Studies

Qualitative Exploration: The End User Context of BCC Materials on COVID-19 Guidelines and Handwashing

BIGD conducted a rapid qualitative study on gaps in people’s existing hygiene knowledge and practice and opportunities for intervention to help BRAC, a partner of the “Hygiene and Behaviour Change Coalition (HBCC),” design and develop new behavioural change and communication materials that can effectively address people’s handwashing behaviour during the COVID-19 pandemic. A total of 30 respondents from BRAC WASH beneficiary group were interviewed, along with four BRAC field workers through virtual communication platforms, including in-depth interviews, online focus group discussions, and visual content observations. The study found that although people were more or less aware of the importance of handwashing, mask use, and social distancing, the practices varied considerably.

Researchers: Dr Shahaduz Zaman, Tanvir Shatil

Partners: BRAC

Timeline: 2020-2021

Status: Ongoing

Contact: Tanvir Shatil
tanvir.shatil@bracu.ac.bd

Publications 

Context

Regular handwashing and behavioural change have been identified as one of the most effective ways to prevent the spread of COVID-19. However, in most developing countries like including Bangladesh, many people have not adopted a proper practice of handwashing. As a partner of the “Hygiene and Behaviour Change Coalition (HBCC),” BRAC invited BIGD to conduct a rapid formative research on identifying gaps in people’s existing hygiene knowledge and practice and opportunities for intervention. In doing so, the study aimed to help BRAC design and develop new Behavioural Change and Communication (BCC) materials that can effectively address people’s handwashing behaviour during the COVID-19 pandemic.

Objectives

This study aims to investigate how users perceive the awareness of messages and translate them into everyday behaviour and the facilitating factors and the barriers people face in following COVID-19 related public health and social guidelines.

Methodology

This qualitative study used various data collection methods, through virtual communication platforms, including in-depth interviews, online focus group discussions (FGDs), and visual content observations (e.g., photographs and videos). The intention was to substitute physical shadow observation, which is a necessary technique for qualitative research on behaviour change.  A total of 30 respondents from BRAC WASH beneficiary group were interviewed, along with four BRAC field workers. The respondents were selected from Dhaka and Khulna districts.

Findings and Recommendations

Findings showed that respondents have different levels of knowledge and practices, categorized as correct, partially correct and misconceptions on three domains: hand washing, mask use, and social distancing. The study also revealed personal and structural barriers to comply with the guidelines. People were more or less aware of the necessity of all three domains. However, the practices varied.
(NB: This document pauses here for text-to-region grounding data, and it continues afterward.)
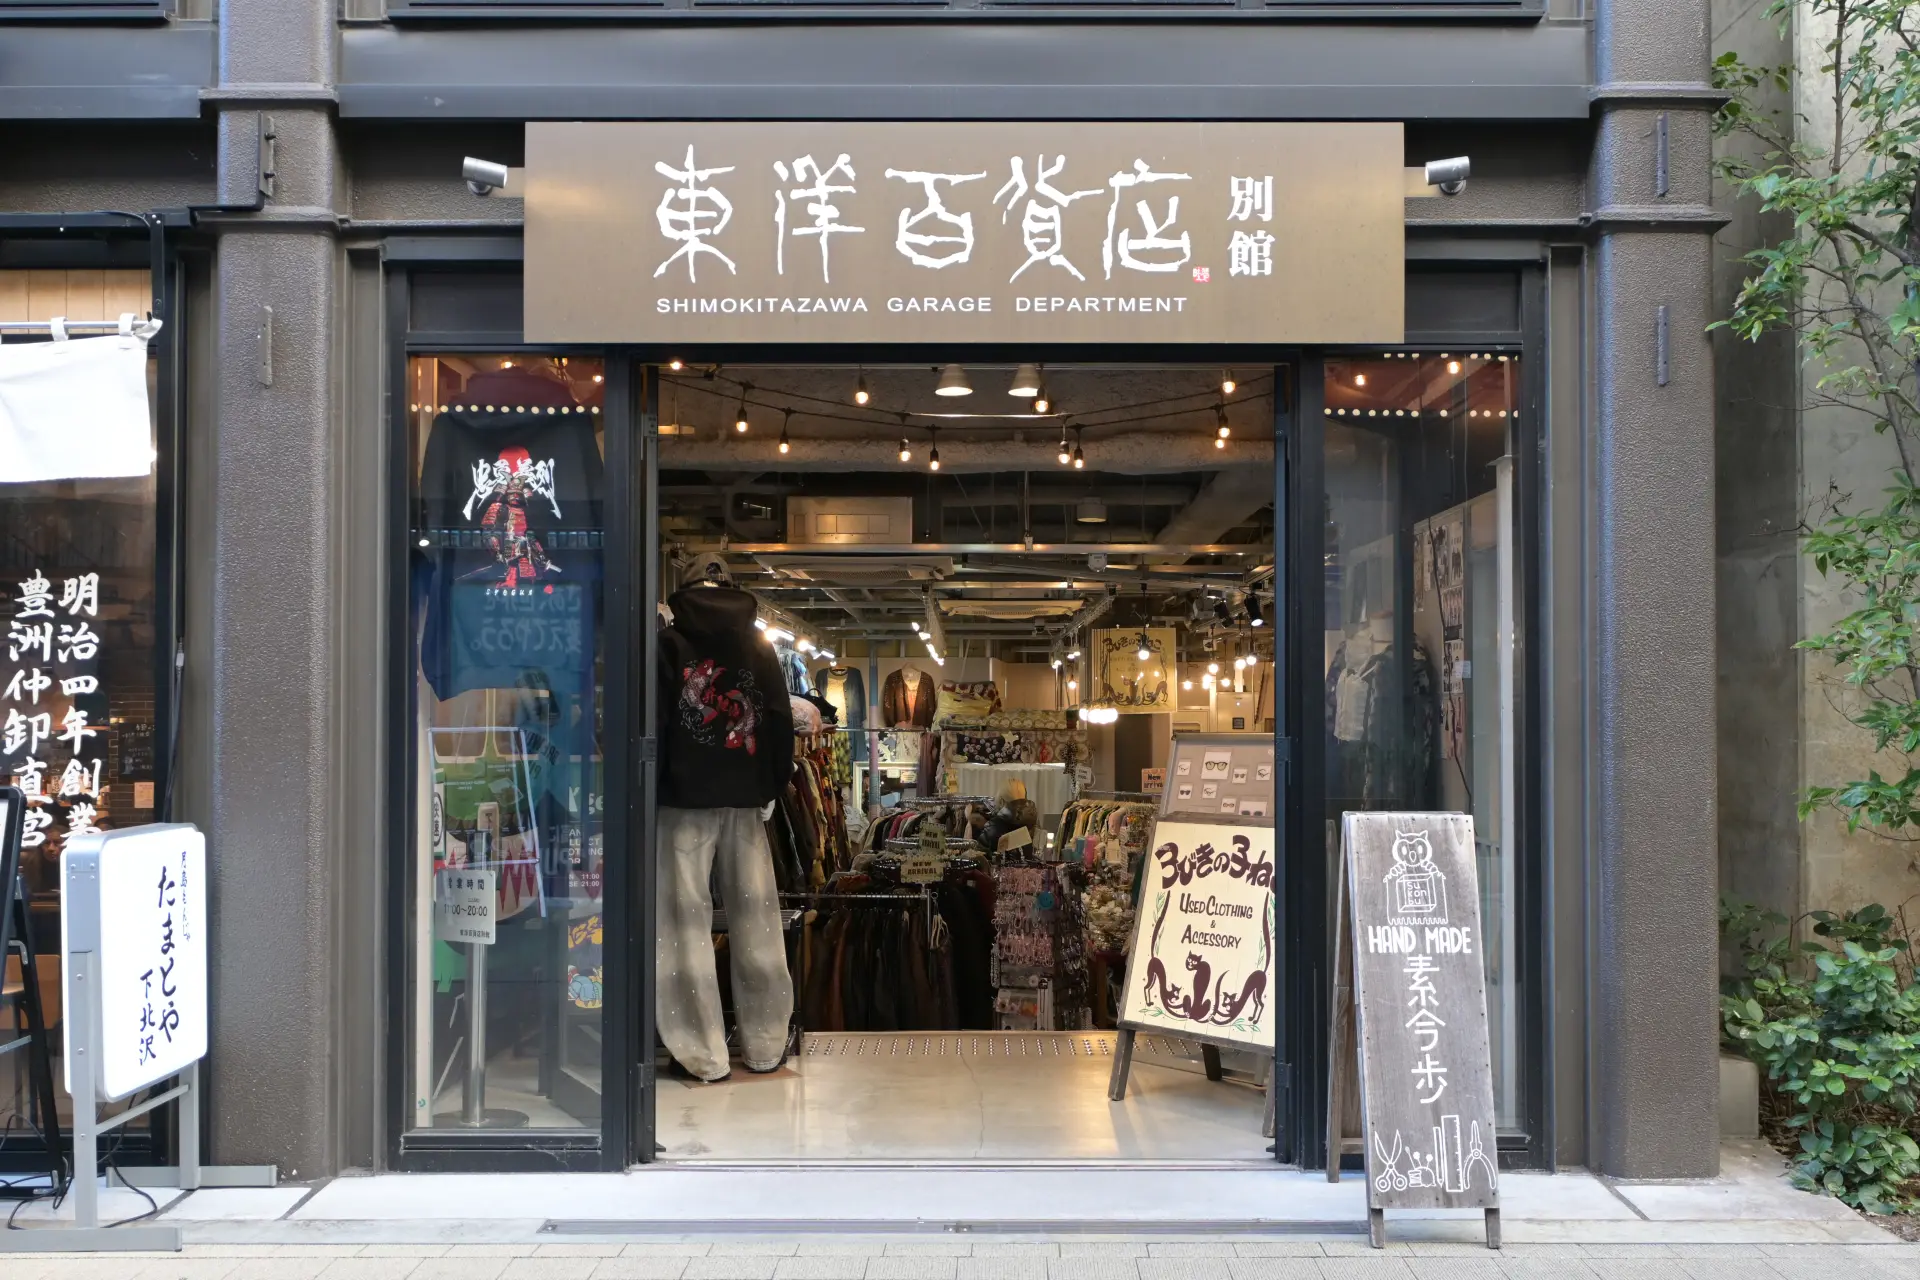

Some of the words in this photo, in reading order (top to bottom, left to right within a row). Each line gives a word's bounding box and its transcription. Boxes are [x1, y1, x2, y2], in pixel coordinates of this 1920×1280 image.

[653, 144, 1192, 284] 東洋百貨店
[1227, 175, 1276, 277] 別館
[656, 297, 869, 313] SHIMOKITAZAWA
[886, 296, 992, 312] GARAGE
[1015, 296, 1188, 312] DEPARTMENT
[158, 865, 179, 1043] たまとや
[1210, 920, 1216, 928] &
[1367, 925, 1417, 954] HAND
[1425, 926, 1472, 954] MADE
[139, 969, 157, 1066] 下北沢
[1403, 954, 1448, 1104] 素今歩
Women performing household chores were more likely to use soap during the pandemic, while men in different occupations faced difficulties due to lack of handwashing facilities at workplaces. Despite awareness, regular mask use has declined, compared to the early days of the outbreak. There was also a lack of awareness on proper wear and disposal of the masks. People in rural areas were reluctant to wear masks inside their village neighbourhoods, even in crowded places.

People were found to resume their everyday social interactions and not to maintain social distancing anymore, since others in the neighbourhood did not. Respondents were also receiving contradictory information from different sources. For example, the official news about the infection and mortality numbers did not match with what they were seeing in their local communities. There were misperceptions, inadequate and inappropriate practices, and confusion, most of which originated from the absence of proper and specific assessment of the community context.
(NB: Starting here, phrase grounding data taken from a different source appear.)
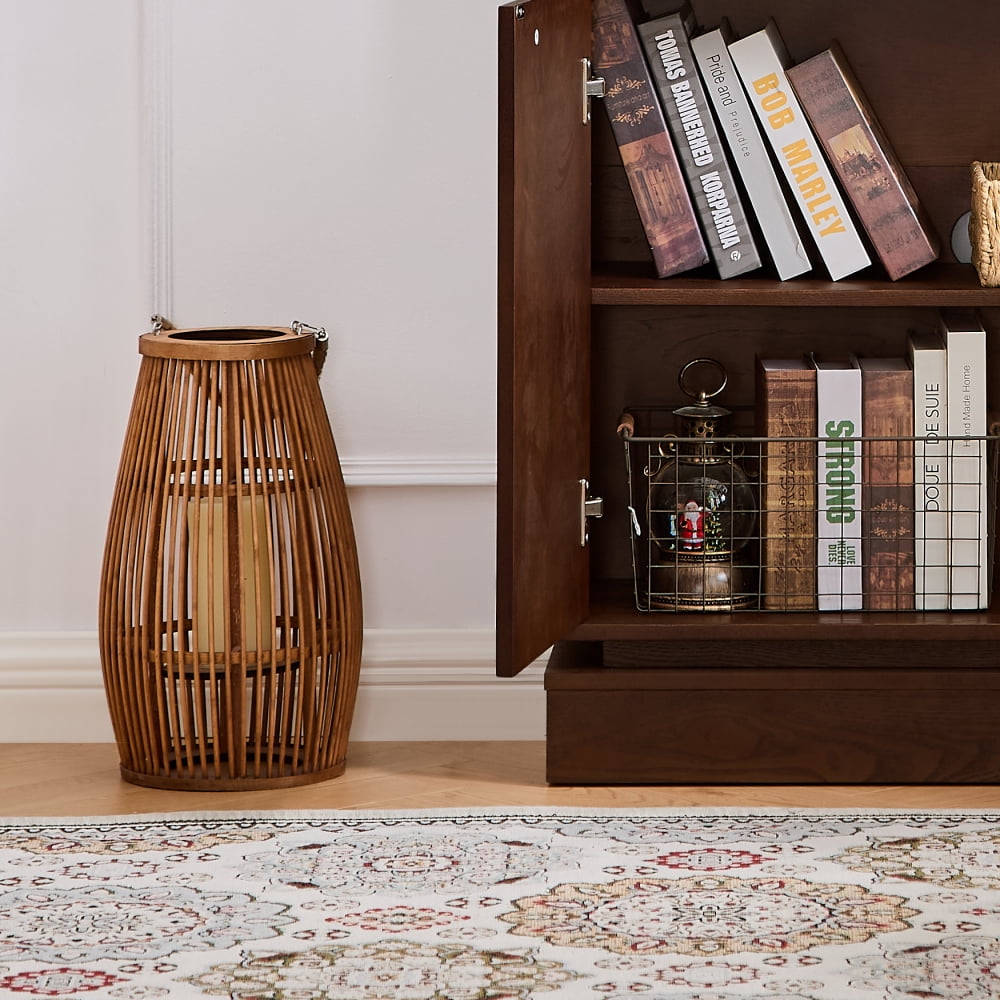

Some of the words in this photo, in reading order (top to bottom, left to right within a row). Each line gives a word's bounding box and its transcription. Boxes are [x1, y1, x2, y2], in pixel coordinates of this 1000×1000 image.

[706, 54, 726, 84] Pride
[718, 82, 735, 107] and
[728, 111, 751, 158] Prejudice
[654, 29, 686, 81] TOMAS
[671, 80, 714, 168] BANNERHED
[700, 170, 741, 250] KORPARNA
[752, 72, 795, 130] BOB
[781, 138, 846, 238] MARLEY
[962, 364, 971, 392] Home
[925, 383, 939, 418] SUIE
[962, 395, 971, 420] Made
[925, 423, 939, 446] DE
[825, 420, 856, 524] STRONG
[846, 545, 856, 565] LOVE
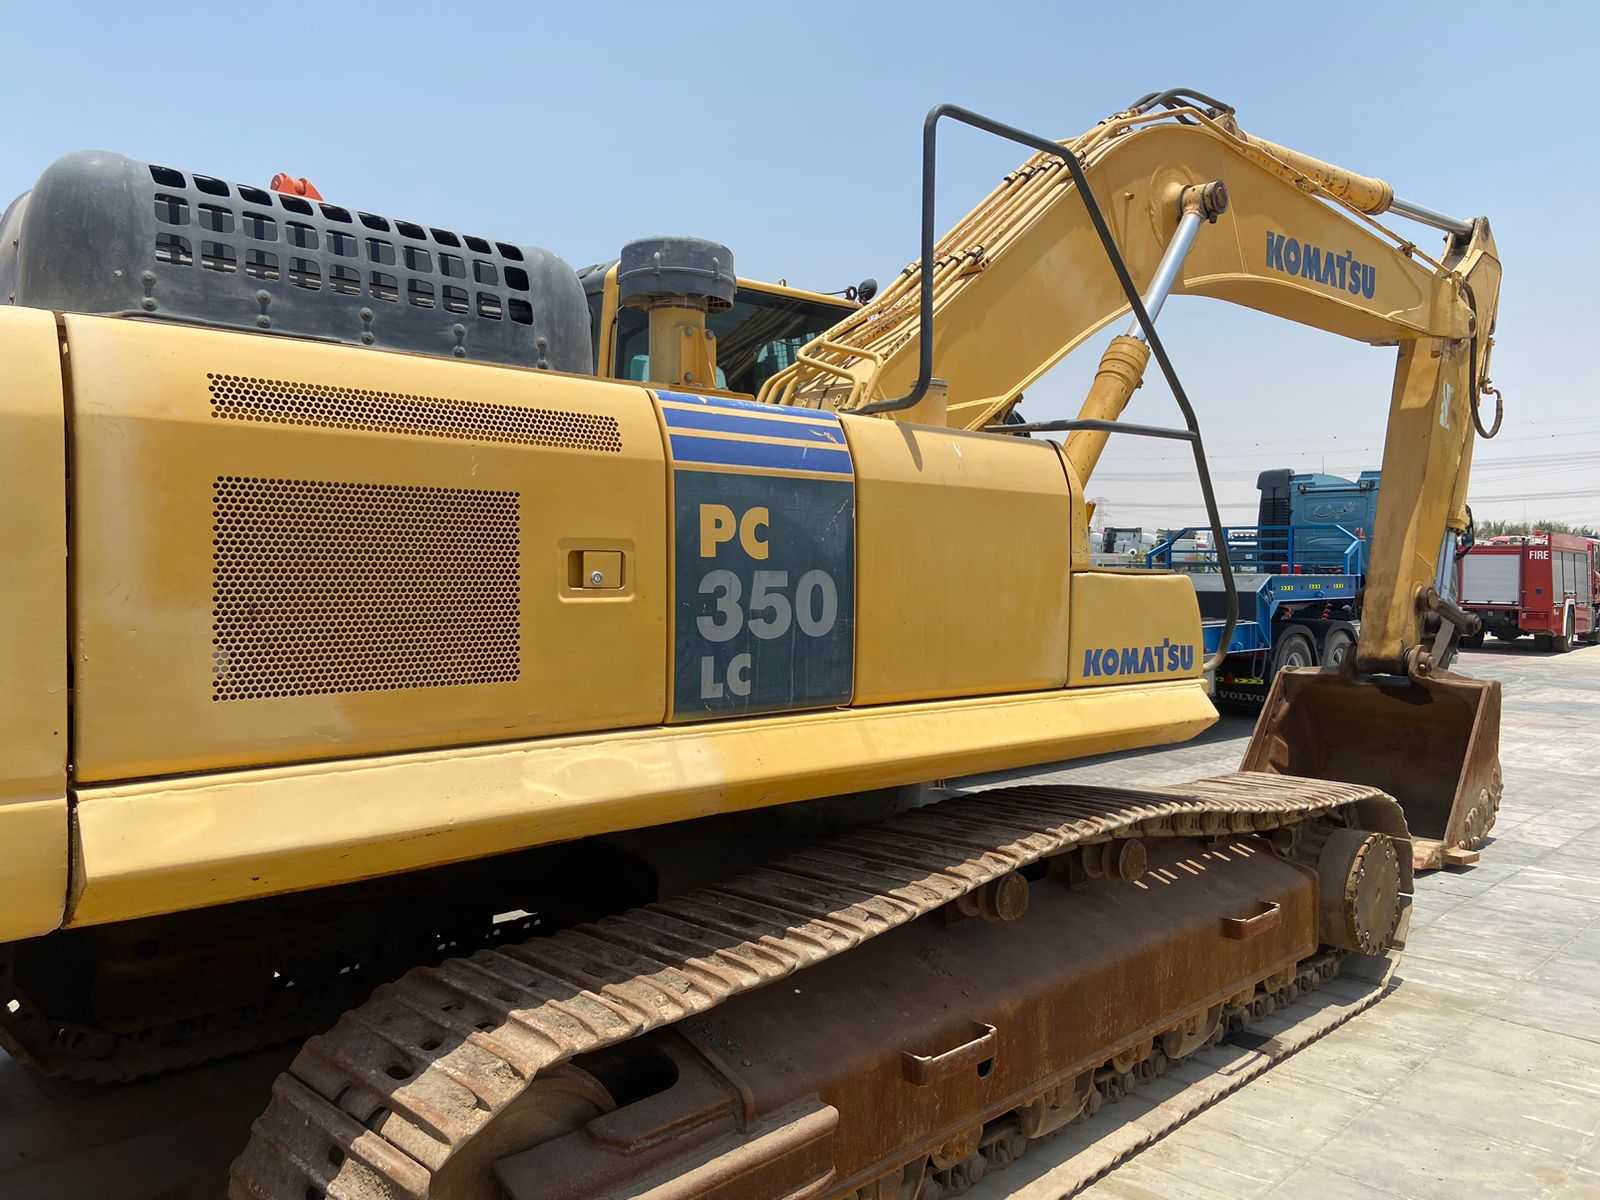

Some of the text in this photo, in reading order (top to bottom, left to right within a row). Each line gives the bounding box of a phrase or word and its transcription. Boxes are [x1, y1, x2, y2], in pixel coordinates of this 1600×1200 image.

[1265, 230, 1376, 299] KOMATSU
[700, 503, 769, 560] PC
[1529, 550, 1549, 560] FIRE
[696, 569, 838, 642] 350
[700, 653, 751, 699] LC
[1082, 637, 1194, 677] KOMATSU
[1220, 690, 1265, 702] VOLVO
To improve awareness, the importance of wearing a mask even if the veil is maintained should be conveyed to the female members of the community who wear veils. More demonstrations, using posters and flipcharts, should be taken into consideration as a BCC intervention. At the household level, providing logistic and messaging interventions to slum dwellers or the lower-middle-income class to improve their common and shared handwashing facilities can improvise existing handwashing. At the community level, intervention packages, combining logistic support (soap) and messaging materials (posters/leaflets), should be introduced (posters could be set up in front of Oju stations) to raise awareness and encourage people to wash their hands.